### Exercise brief:
A verbatim copy of all the data is required, minus any images.

Material for this task section start

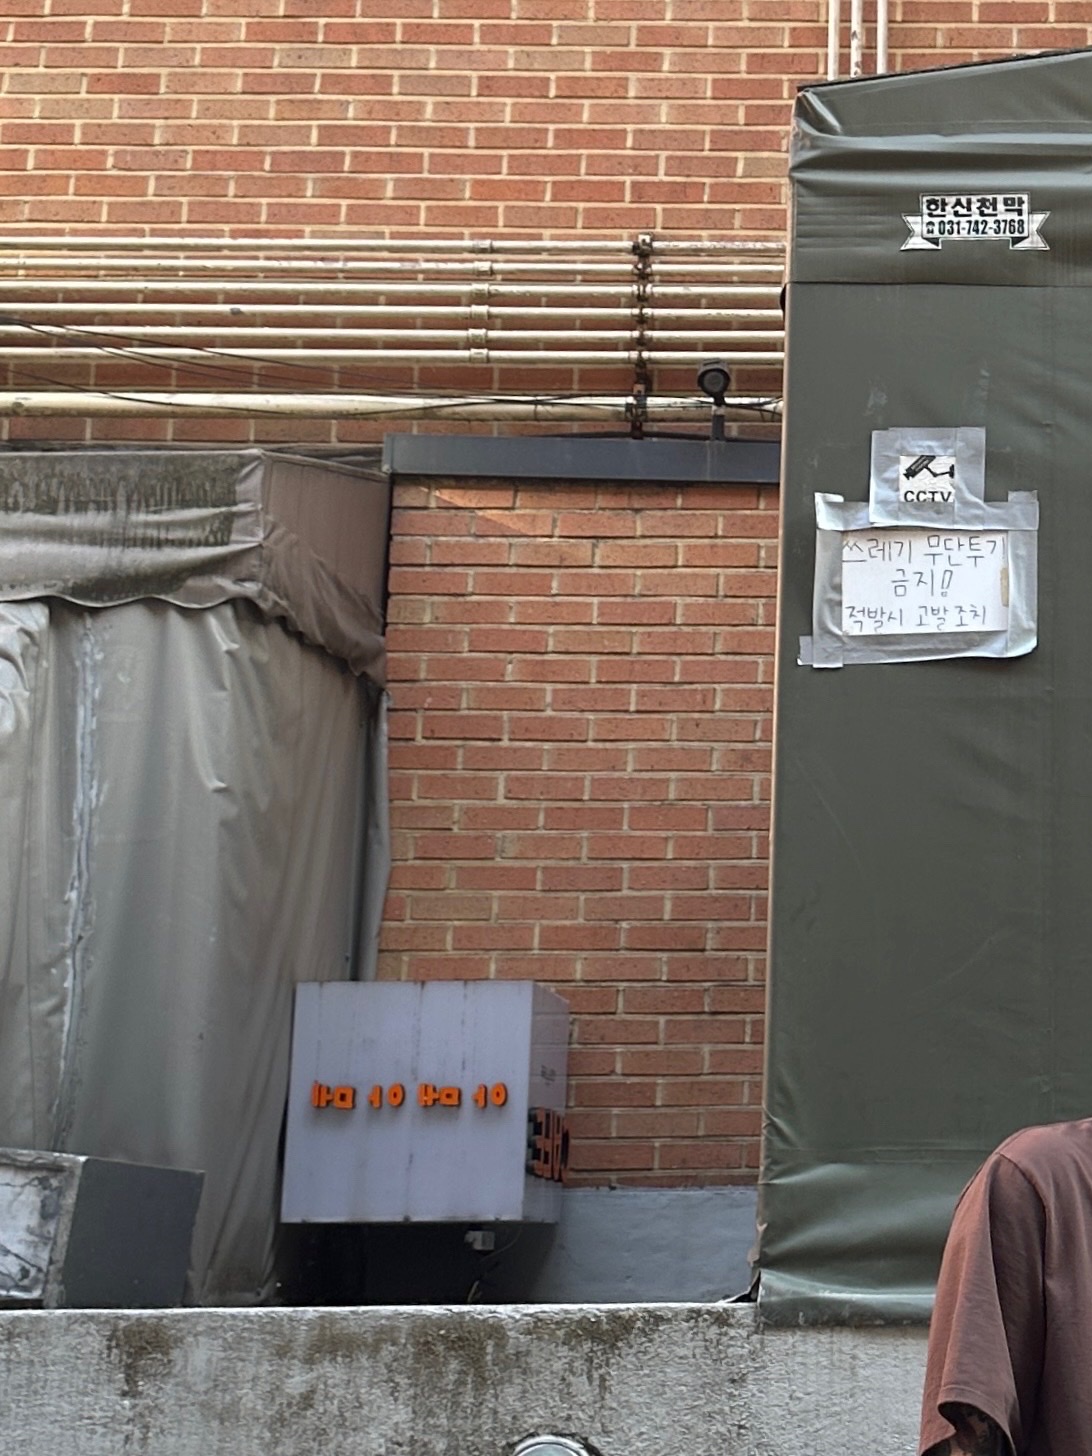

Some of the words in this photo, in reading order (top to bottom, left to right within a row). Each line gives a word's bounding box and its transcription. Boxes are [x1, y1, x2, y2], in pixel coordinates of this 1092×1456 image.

[925, 196, 1025, 218] 한신천막
[938, 219, 1025, 235] 031-742-3768
[903, 490, 953, 502] CCTV
[841, 538, 912, 563] 쓰레기
[923, 534, 1006, 567] 무단투기
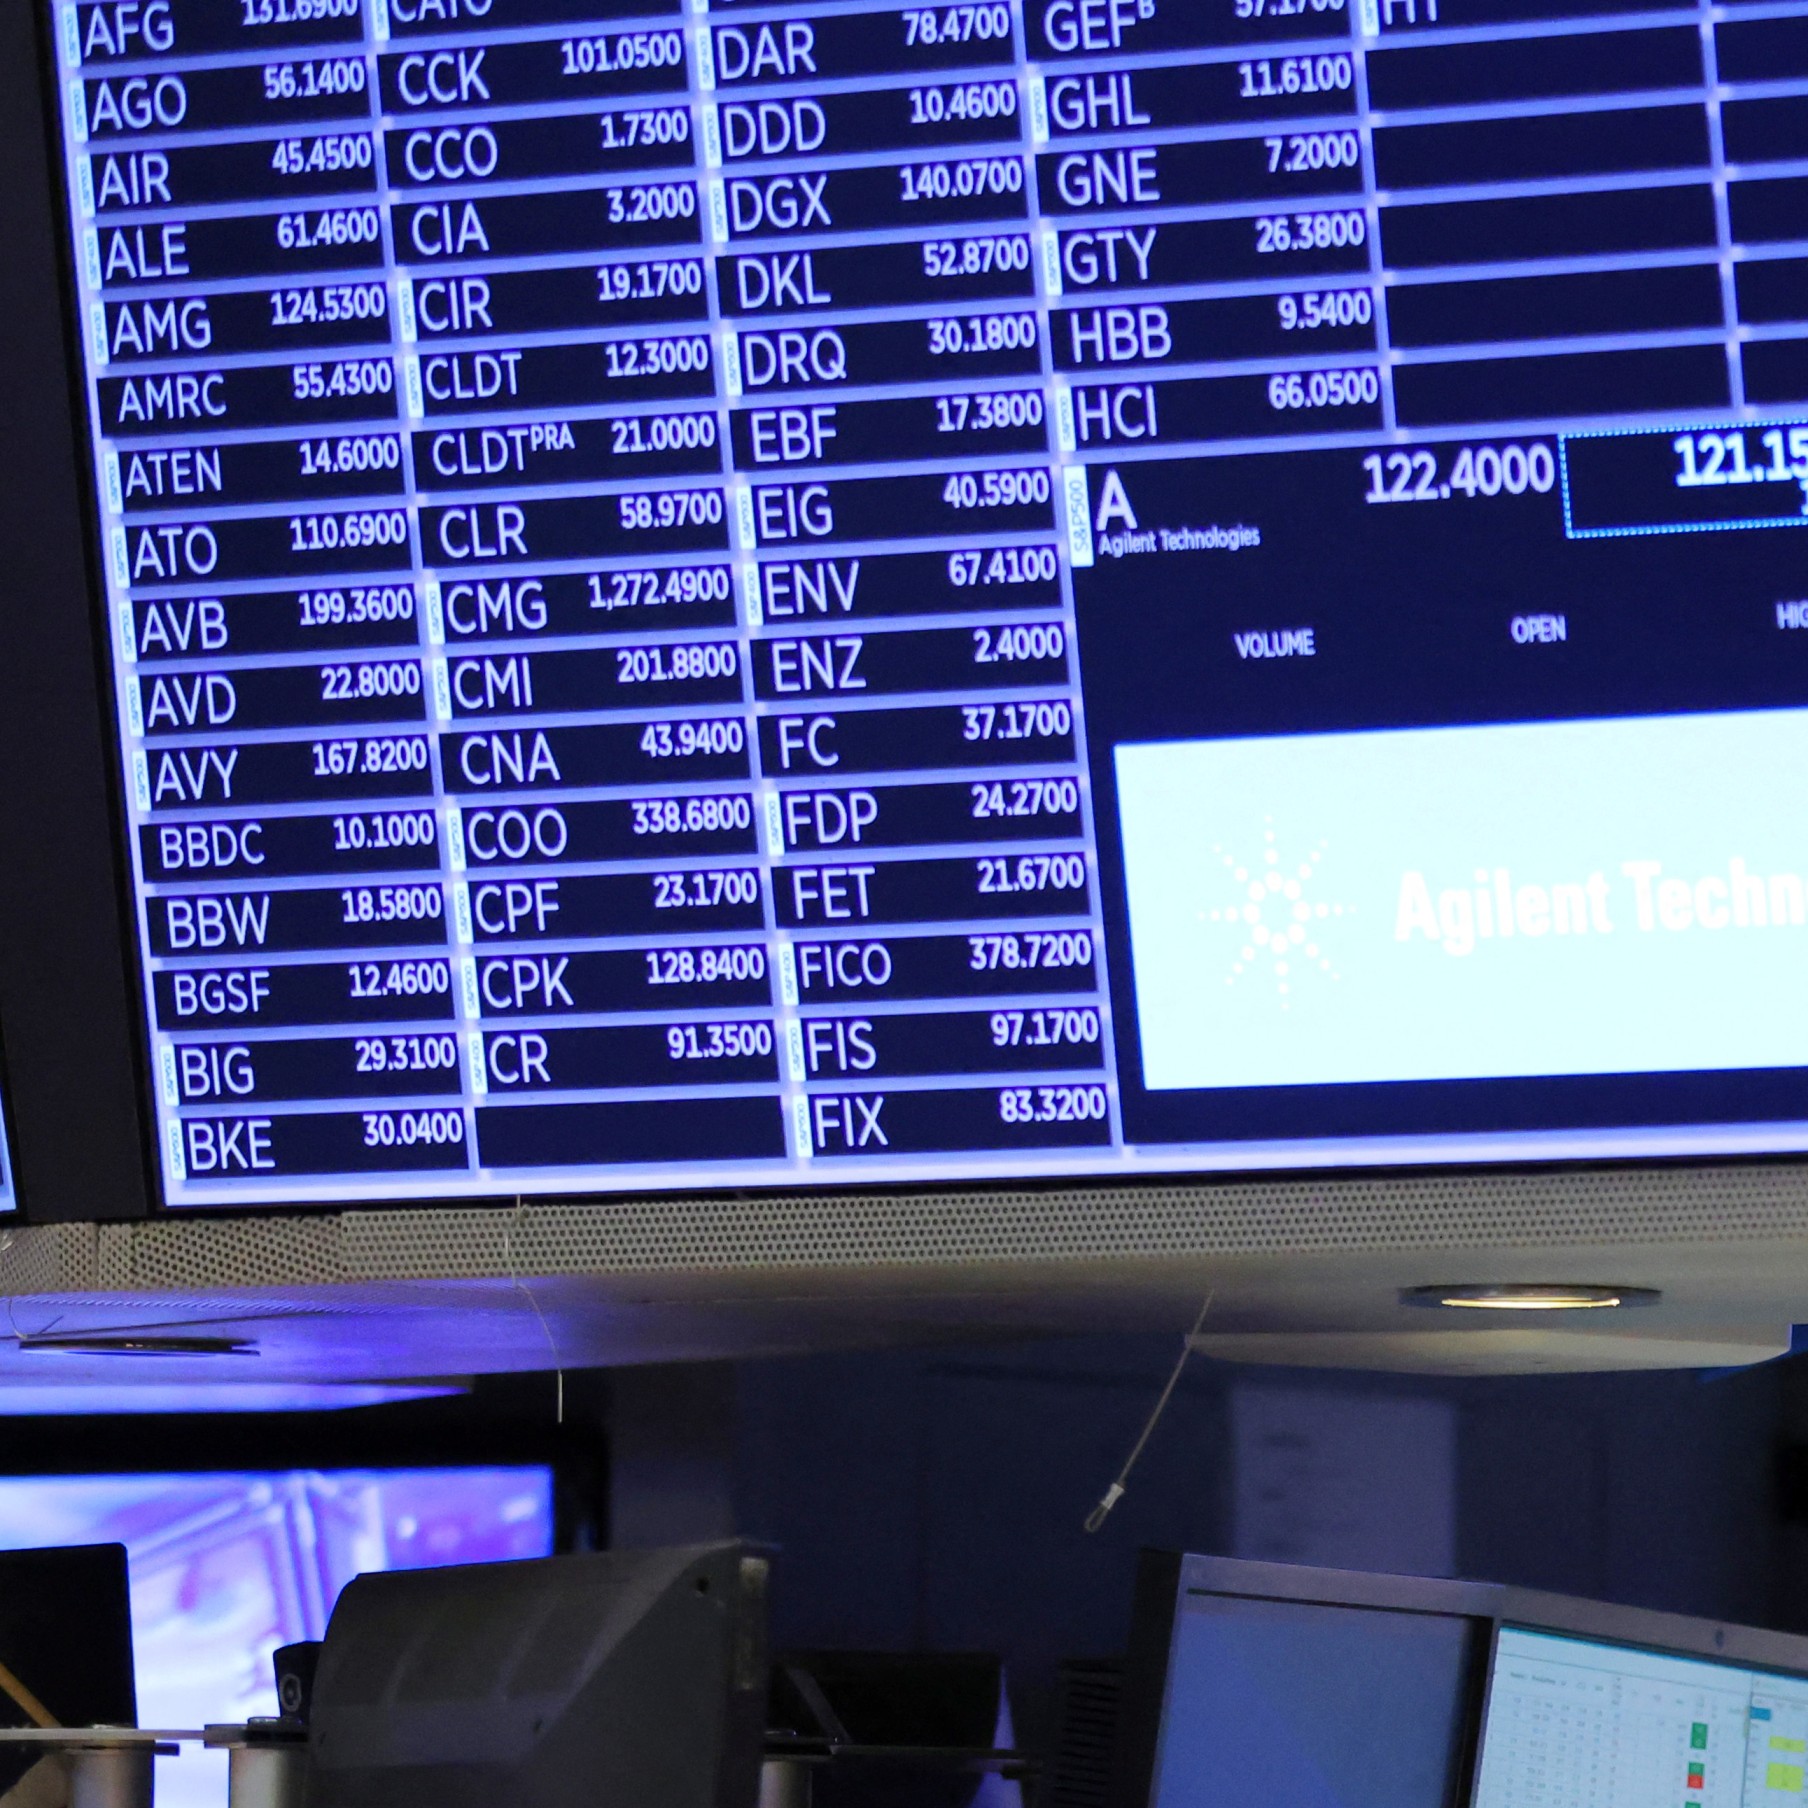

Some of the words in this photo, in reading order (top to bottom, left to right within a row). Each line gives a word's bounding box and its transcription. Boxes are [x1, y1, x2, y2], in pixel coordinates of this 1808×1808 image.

Material for this task section end

### Answer section:
Some of the words in this photo, in reading order (top to bottom, left to right within a row). Each line gives a word's bounding box and its transcription. Boxes are [x1, y1, x2, y2], in pixel coordinates of this 1092×1456 image.

[925, 196, 1025, 218] 한신천막
[938, 219, 1025, 235] 031-742-3768
[903, 490, 953, 502] CCTV
[841, 538, 912, 563] 쓰레기
[923, 534, 1006, 567] 무단투기

Some of the words in this photo, in reading order (top to bottom, left to right within a row). Each line gives a word's bounding box and its transcription. Boxes are [x1, y1, x2, y2], in pixel coordinates of this 1808×1808 image.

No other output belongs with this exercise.